Le régime d’imposition des plus-values de cessions de valeurs mobilières a fait l’objet d’une deuxième réforme en … deux ans, qui améliore le régime d’abattement pour durée de détention et revisite en profondeur les régimes préférentiels d’imposition applicables, quand ils ne sont pas purement et simplement abrogés. Revue (non exhaustive) du bon et du moins bon.

La réforme des plus-values de cession des valeurs mobilières introduite dans la loi de finances pour 2013 aura fait long feu. On se souvient de l’agitation qui avait entouré l’adoption de ce texte, faisant éclore le premier représentant d’un bestiaire contestataire, les fameux «pigeons».

La réforme de 2012 avait posé le principe d’assujettissement des plus-values de cessions de valeurs mobilières à l’impôt sur le revenu non plus à un taux proportionnel, mais désormais au barème progressif avec application éventuelle d’abattements pour durée de détention. Suite aux échanges avec le collectif de volatiles frondeurs, un régime d’imposition au taux proportionnel de 19% avait été maintenu en faveur des seuls créateurs d’entreprise respectant pléthore de conditions. Dans cette mini-révolution, les régimes dérogatoires profitant aux dirigeants partant à la retraite, aux cessions au sein du groupe familial et aux cessions de titres de jeunes entreprises innovantes n’avaient pas été affectés.

La réforme introduite dans la loi de finances pour 2014 rebat en profondeur les cartes à la fois pour le régime de droit commun mais aussi pour tous les régimes dérogatoires jusqu’alors épargnés, en créant deux jeux d’abattements : un pour les cessions de droit commun et un autre censément plus favorable pour les régimes dérogatoires.

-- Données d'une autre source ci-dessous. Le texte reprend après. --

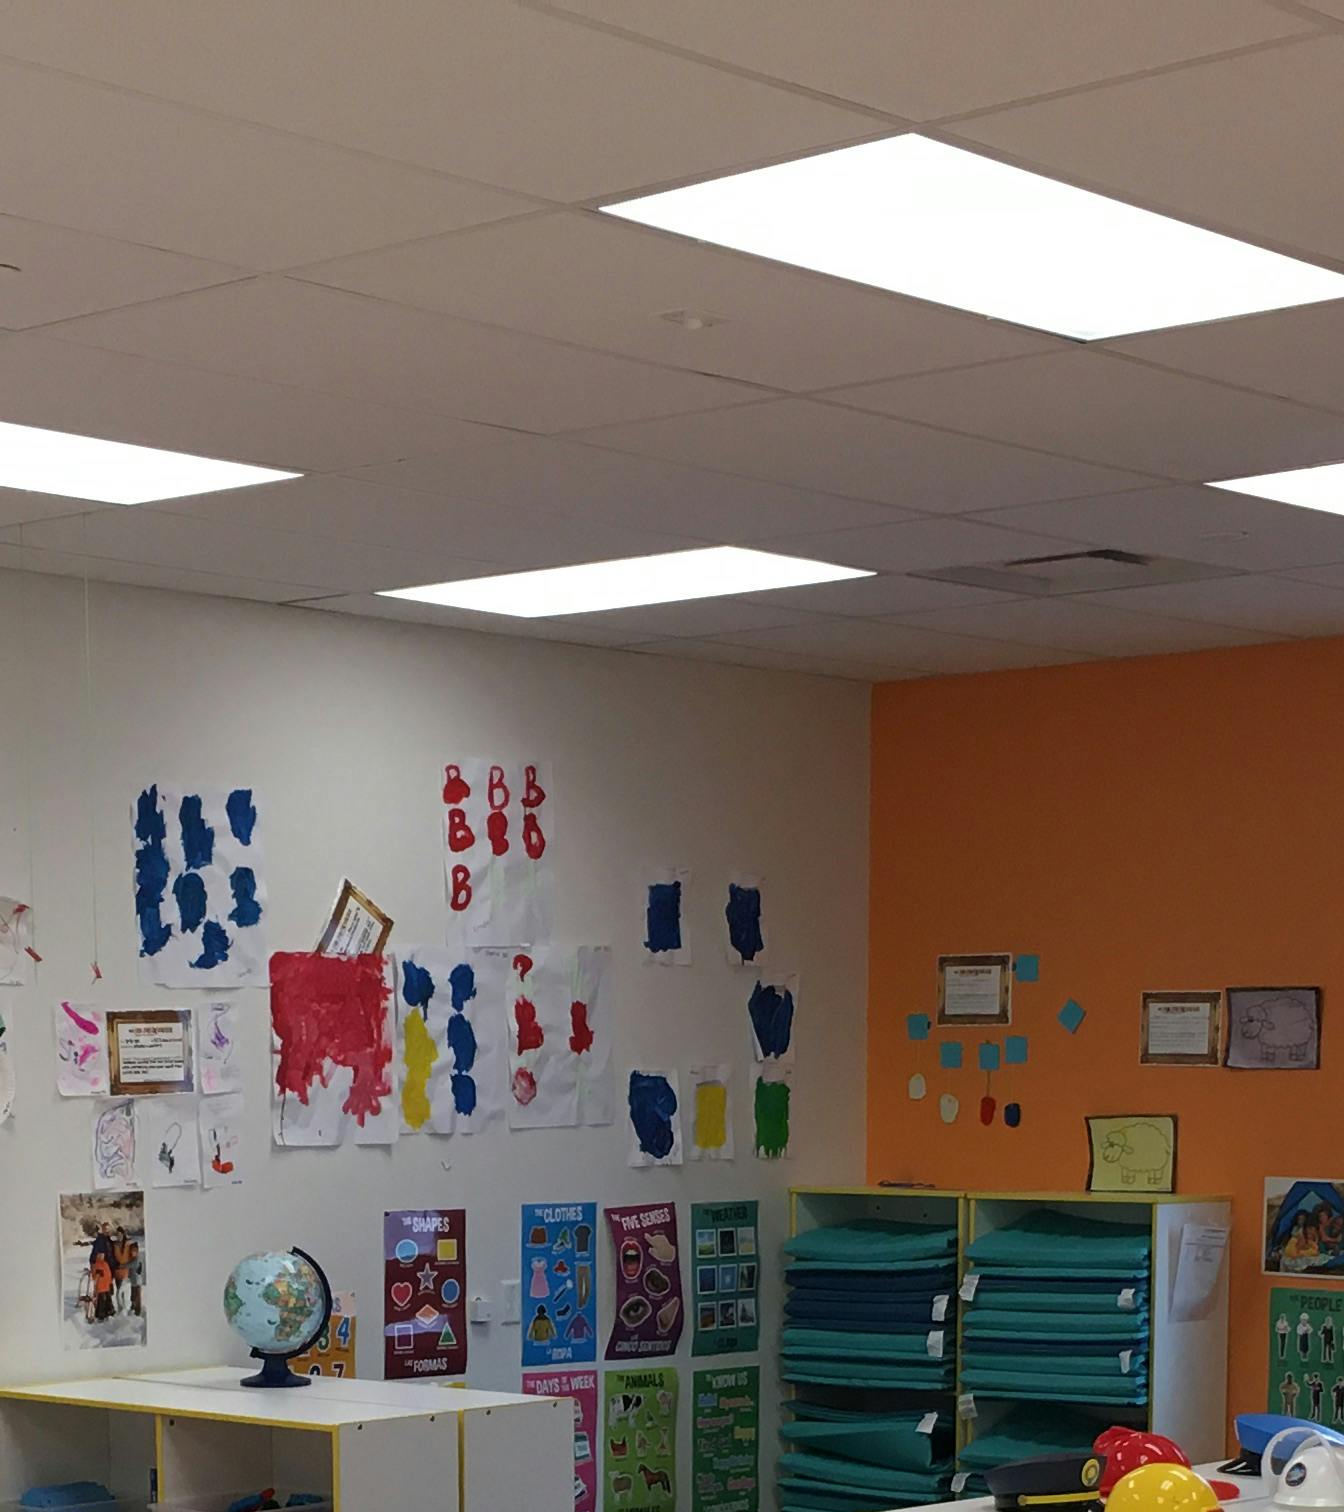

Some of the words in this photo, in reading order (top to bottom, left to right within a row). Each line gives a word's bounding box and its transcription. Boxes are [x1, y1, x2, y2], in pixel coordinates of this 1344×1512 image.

Et paradoxalement, alors que la réforme est systématiquement plus avantageuse que par le passé pour les cessions de droit commun, l’application des régimes dérogatoires peut s’avérer moins favorable.

On rappelle au préalable qu’en toute occurrence, les prélèvements sociaux restent dus sur le montant intégral de la plus-value, à l’exclusion de tout abattement.

Dans le cadre du droit commun, les abattements passent de 20, 30 ou 40% à 50% en cas de conservation d’au moins deux ans et 65% au-delà de huit ans.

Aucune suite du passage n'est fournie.